HIV is a virus spread through certain body fluids that attack the body’s immune system, specifically the CD4 cells, often called T cells. Over time, HIV can destroy so many of these cells that the body can’t fight off infections and disease.

These special cells help the immune system fight off infections. Untreated, HIV reduces the number of CD4 cells (T cells) in the body. This damage to the immune system makes it harder and harder for the body to fight off infections and some other diseases.

Opportunistic infections or cancers take advantage of a very weak immune system and signal that the person has AIDS. Learn more about the stages of HIV and how to know whether you’re infected.

HIV Tests For Screening and Diagnosis

HIV tests are very accurate, but no test can detect the virus immediately after infection. How soon a test can detect infection depends upon different factors, including the type of test being used. There are three types of HIV diagnostic tests: antibody tests, combination or fourth-generation tests, and nucleic acid tests (NATs).

  • Antibody tests detect the presence of antibodies, proteins that a person’s body makes against HIV, not HIV itself. Most HIV tests, including most rapid tests and home tests, are antibody tests. It can take 3 to 12 weeks for a person’s body to make enough antibodies for an antibody test to detect HIV infection. In general, antibody tests that use blood can detect HIV slightly sooner after infection than tests done with oral fluid.
  • Combination or fourth-generation tests look for both HIV antibodies and antigens. Antigens are a part of the virus itself and are present during acute HIV infection. It can take 2 to 6 weeks for a person’s body to make enough antigens and antibodies for a combination test to detect HIV. Combination tests are now recommended for testing done in labs and are becoming more common in the United States. There is also a rapid combination test available.
  • NATs detect HIV the fastest by looking for HIV in the blood. It can take 7 to 28 days for NATs to detect HIV. This test is very expensive and is not routinely used for HIV screening unless the person recently had a high-risk exposure or a possible exposure with early symptoms of HIV infection.

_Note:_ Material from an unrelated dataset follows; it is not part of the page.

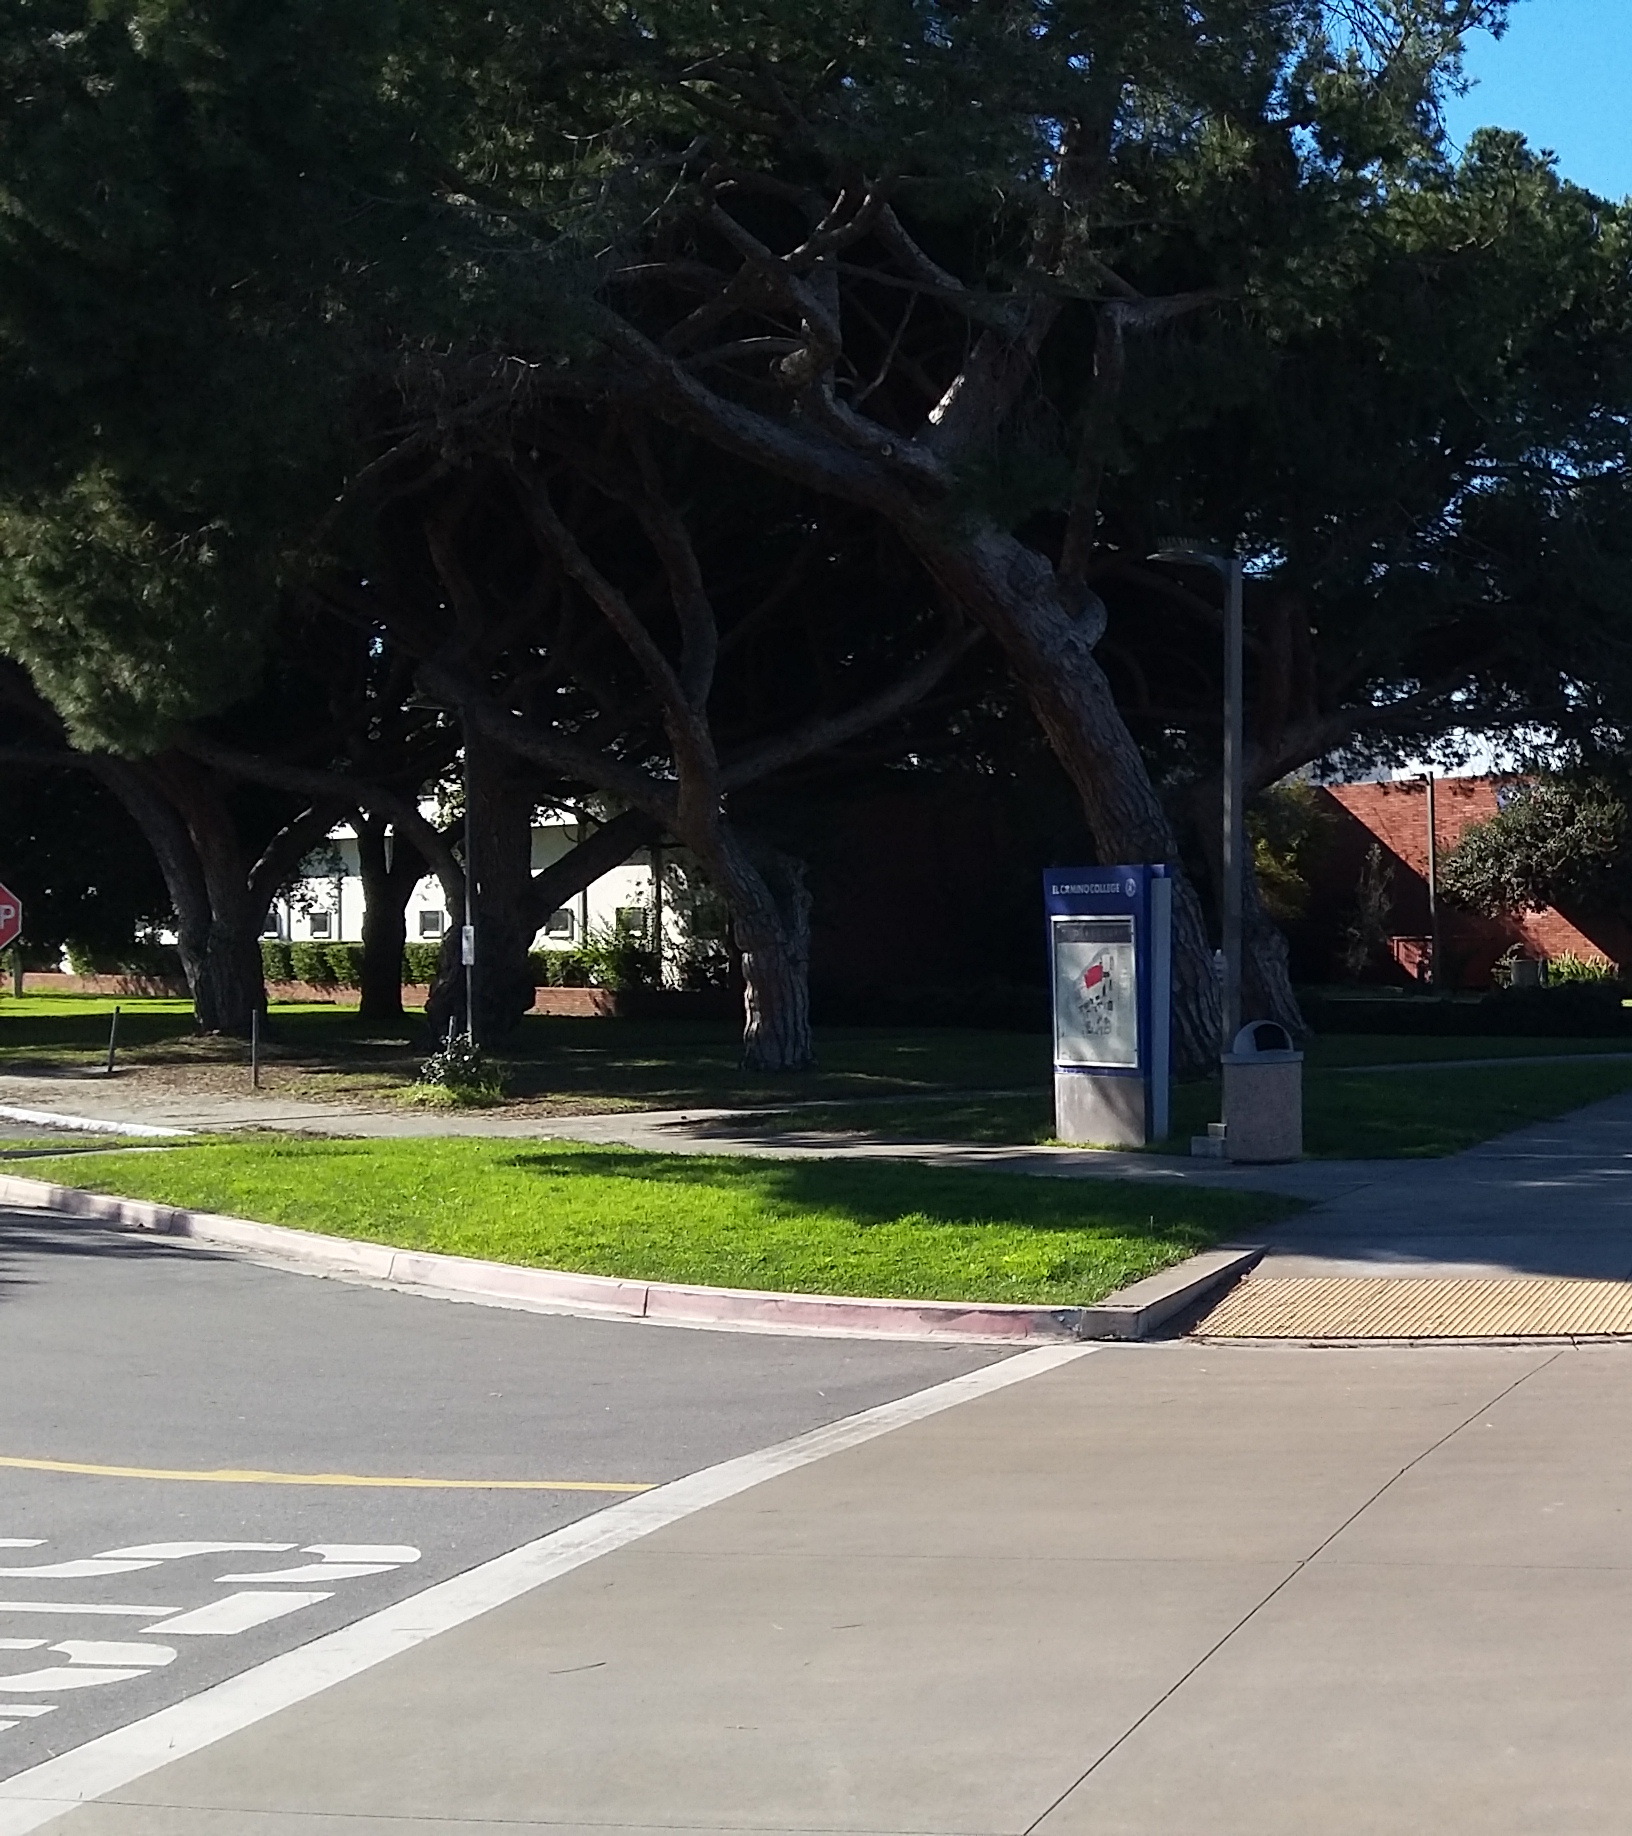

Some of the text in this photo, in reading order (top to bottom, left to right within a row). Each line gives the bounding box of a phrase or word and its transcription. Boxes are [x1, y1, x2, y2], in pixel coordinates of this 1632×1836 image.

[1052, 883, 1120, 895] EL CAMINO COLLEGE

An initial HIV test will either be an antibody test or combination test. It may involve obtaining blood or oral fluid for a rapid test or sending blood or oral fluid to a laboratory. If the initial HIV test is a rapid test and it is positive, the individual will be directed to get follow-up testing. If the initial HIV test is a laboratory test and is positive, the laboratory will usually conduct follow-up testing on the same blood specimen as the initial test. Although HIV tests are generally very accurate, follow-up testing allows the health care provider to be sure the diagnosis is right.